The author recognizes that a proposal to repeal the SBD in favour of targeted measures for the sole benefit of small business means that these distortions would remain. And to that extent the proposal in this article is a modest one. However, the proposal does seek to ensure that the billions of dollars now being spent on the SBD are directed instead towards measures that will actually encourage a significant increase in economic activity and job creation in this country.
 An earlier (and shorter) version of this article was published in the Globe and Mail on September 15, 2015.
 Both the 50 percent and 25 percent rates that applied in 1972 are before the 10 percent provincial abatement (and before a special 7 percent reduction). This article otherwise generally comments on federal corporate tax rates after deducting the 10 percent provincial abatement, and does not account for the manufacturing and processing tax credit, or for the additional provincial or territorial tax and tax rate differentials that will apply.
 In his budget speech of February, 1973, the Hon. John N. Turner stated that “I believe that the policy which gave rise to the ineligible investment test was correct, but I have come to the conclusion that it is too complicated. I believe that these small corporations which enjoy the benefit of the lower rate of tax will, in fact, use these tax savings to expand their businesses, to improve their technology and to create more jobs for Canadians.”

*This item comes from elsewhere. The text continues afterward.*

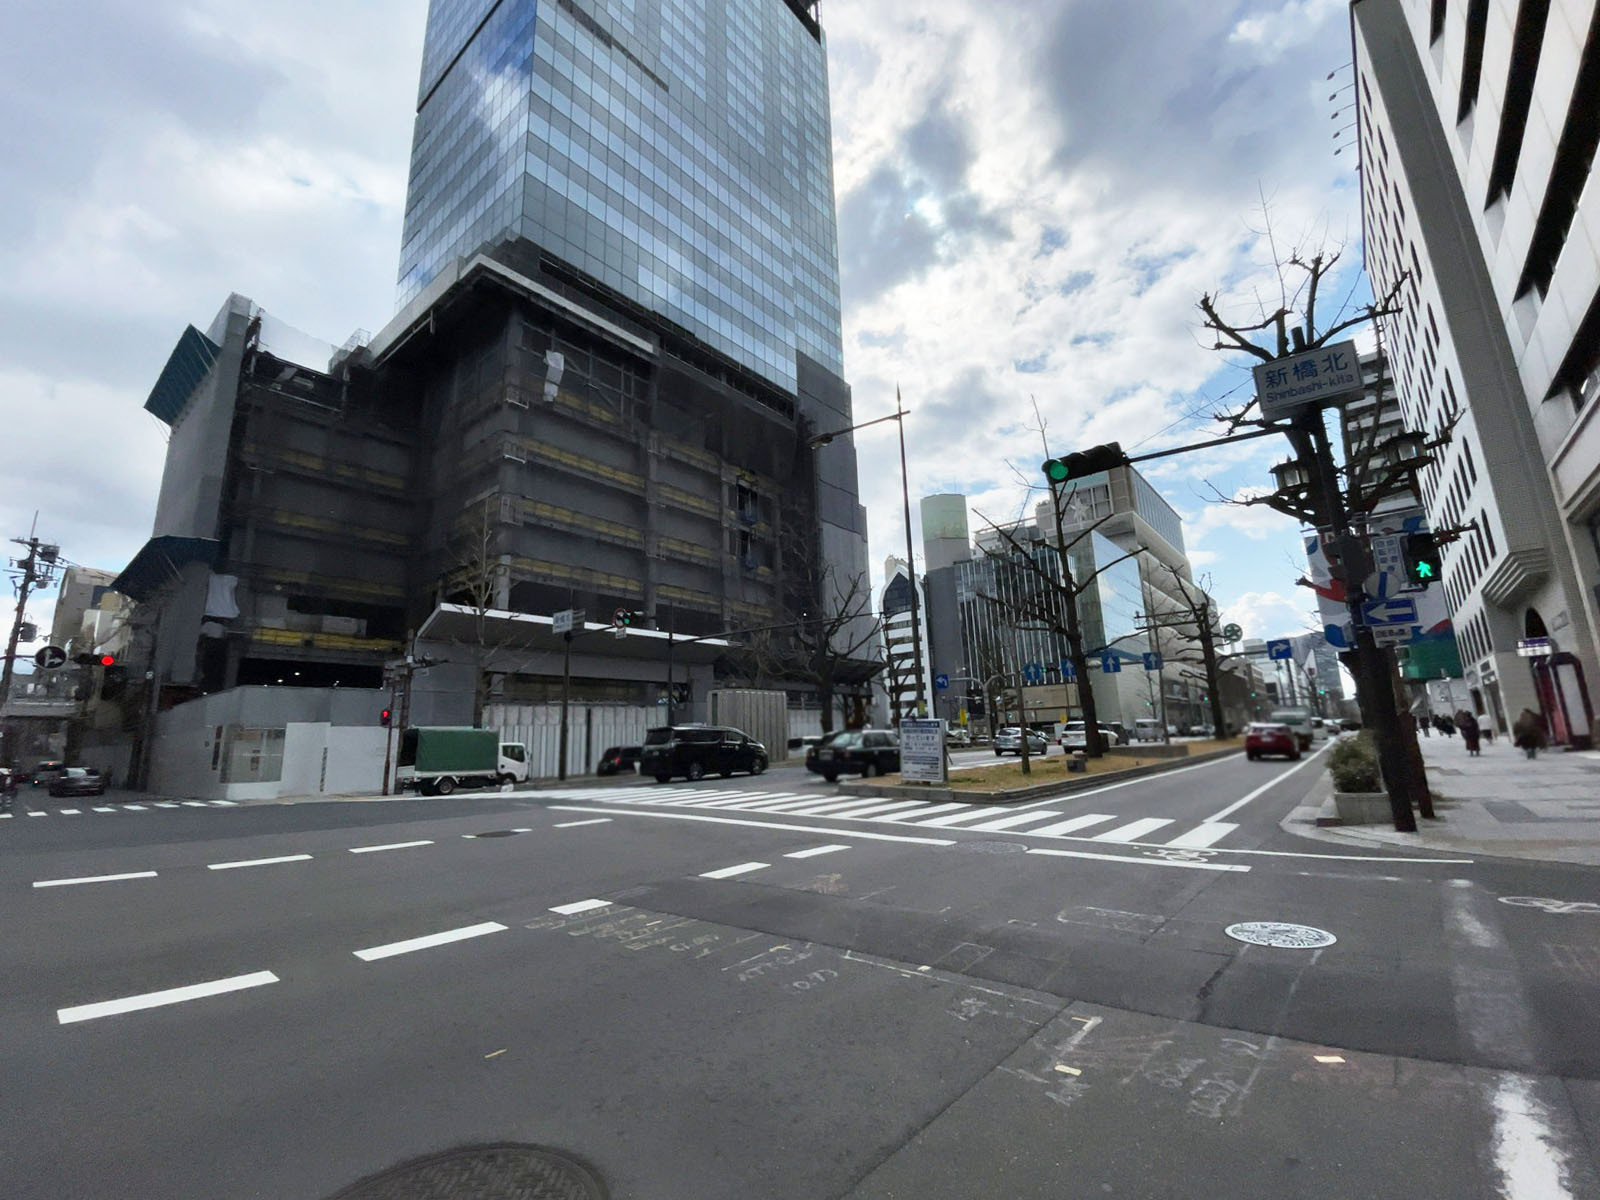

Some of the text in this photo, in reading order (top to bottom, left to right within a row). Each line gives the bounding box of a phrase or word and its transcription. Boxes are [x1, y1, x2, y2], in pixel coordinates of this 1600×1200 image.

[1265, 352, 1348, 388] 新橋北
[1266, 374, 1354, 403] Shinbashi-kita

 Base federal corporate tax rate of 28 percent (after the 10 percent provincial abatement), less general rate reduction of 13 percent for active business income that is not eligible for other incentives (including the SBD and the manufacturing and processing tax credit). The general rate reduction also applies to investment income of non-CCPCs, including public corporations and private corporations that are controlled by non-residents, and to a CCPC’s business income that exceeds the SBD limits.

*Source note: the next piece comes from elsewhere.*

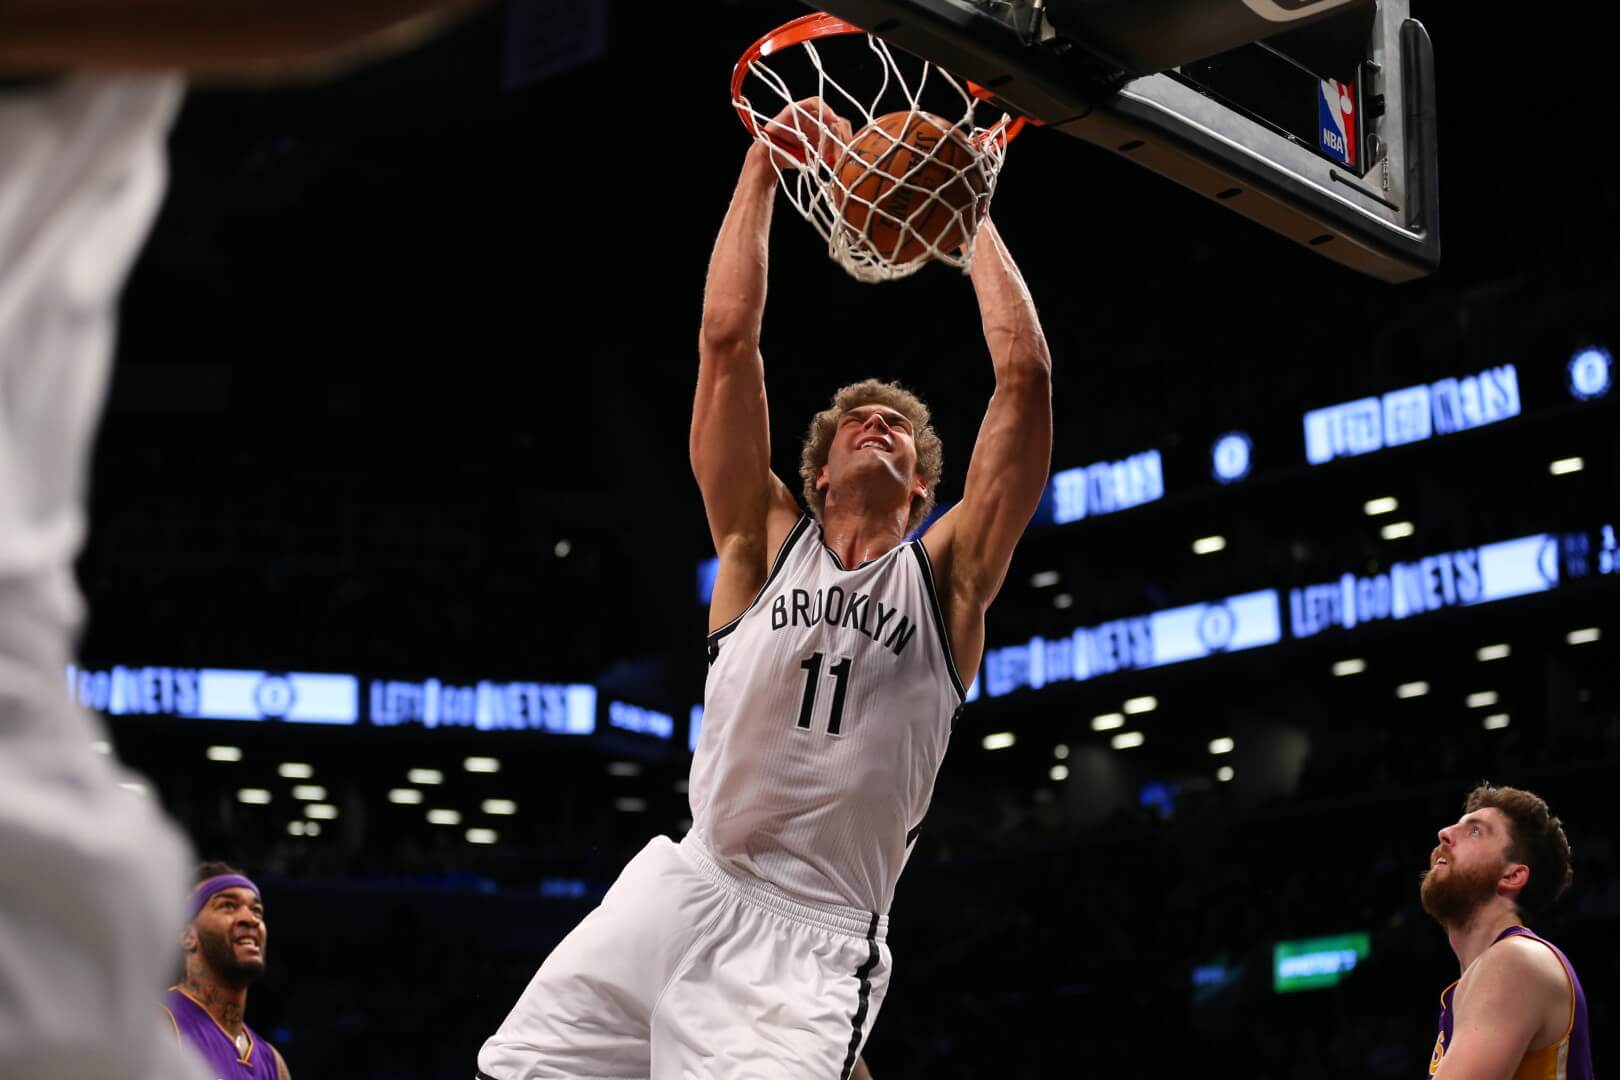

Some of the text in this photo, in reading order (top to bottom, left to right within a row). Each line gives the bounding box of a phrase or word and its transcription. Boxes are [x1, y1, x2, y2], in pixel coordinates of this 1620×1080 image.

 Base federal corporate tax rate of 28 percent (after the 10 percent provincial abatement), less SBD of 17 percent.
 On the other hand, if a CCPC was owned in part by non-residents of Canada, dividends paid to such shareholders would only be subject to withholding tax in Canada (and often at treaty-reduced rates) resulting in reduced amounts of overall Canadian tax: in addition, dividends received by tax-exempt entities do not bear any shareholder-level tax.

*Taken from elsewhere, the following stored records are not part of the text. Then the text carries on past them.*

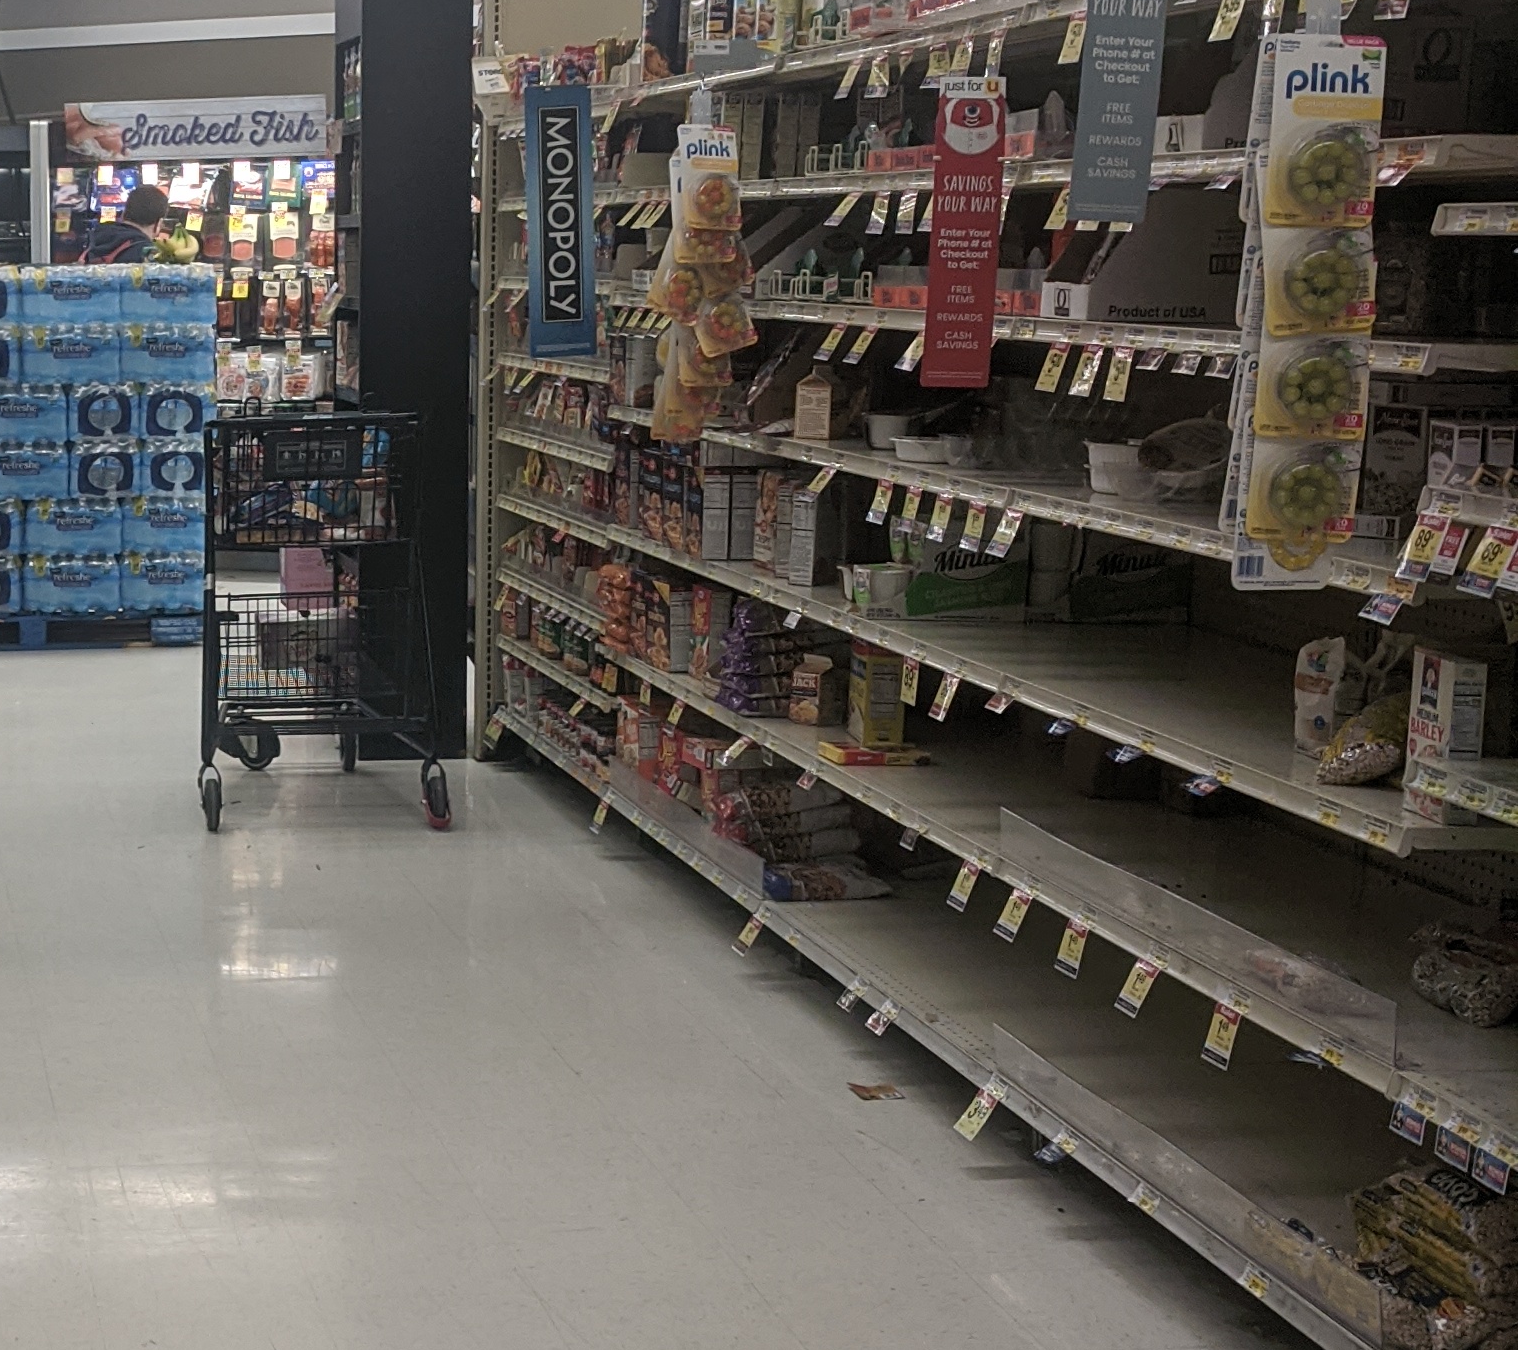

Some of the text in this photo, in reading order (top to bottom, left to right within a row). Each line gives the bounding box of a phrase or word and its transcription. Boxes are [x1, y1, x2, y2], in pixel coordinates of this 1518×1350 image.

[1095, 35, 1155, 47] Enter Your
[1092, 47, 1155, 60] Phone # at
[1095, 61, 1150, 72] Checkout
[1103, 73, 1113, 83] to
[1285, 62, 1371, 99] plink
[945, 81, 965, 93] just
[968, 79, 984, 91] for
[1106, 102, 1131, 113] FREE
[1102, 114, 1133, 124] ITEMS
[122, 110, 319, 150] Smoked Fish
[1089, 135, 1142, 146] REWARDS
[686, 139, 731, 159] plink
[1097, 157, 1129, 167] CASH
[1087, 168, 1136, 179] SAVINGS
[943, 175, 994, 191] SAVINGS
[937, 195, 998, 212] YOUR WAY
[545, 116, 577, 315] MONOPOLY
[941, 228, 991, 237] Enter Your
[938, 239, 968, 248] Phone
[982, 240, 992, 248] at
[940, 250, 988, 259] Checkout
[947, 261, 958, 269] to
[951, 285, 972, 294] FREE
[947, 295, 975, 303] ITEMS
[1108, 305, 1206, 318] Product of USA
[937, 313, 983, 322] REWARDS
[945, 331, 972, 340] CASH
[936, 341, 979, 349] SAVINGS
[792, 676, 816, 688] JACK
[1410, 717, 1445, 743] BARLEY

 However, changes in tax rates are generally accompanied by immediate changes in the gross-up and credit factors as well. Accordingly, if corporate tax rates decrease, and a corporation pays dividends out of after-tax income that bore higher rates of tax in earlier years, there may be a significant integration cost.
 The Hon. E.J. Benson; budget speech of June 18, 1971.
 Different rates continue to apply to “ring-fence profits” from oil extraction and oil rights in the UK and the UK continental shelf.
 For an alternative approach that would repeal the SBD and also achieve neutrality, see Jack Mintz; An Agenda for Corporate Tax Reform in Canada; Canadian Council of Chief Executives; September 2015.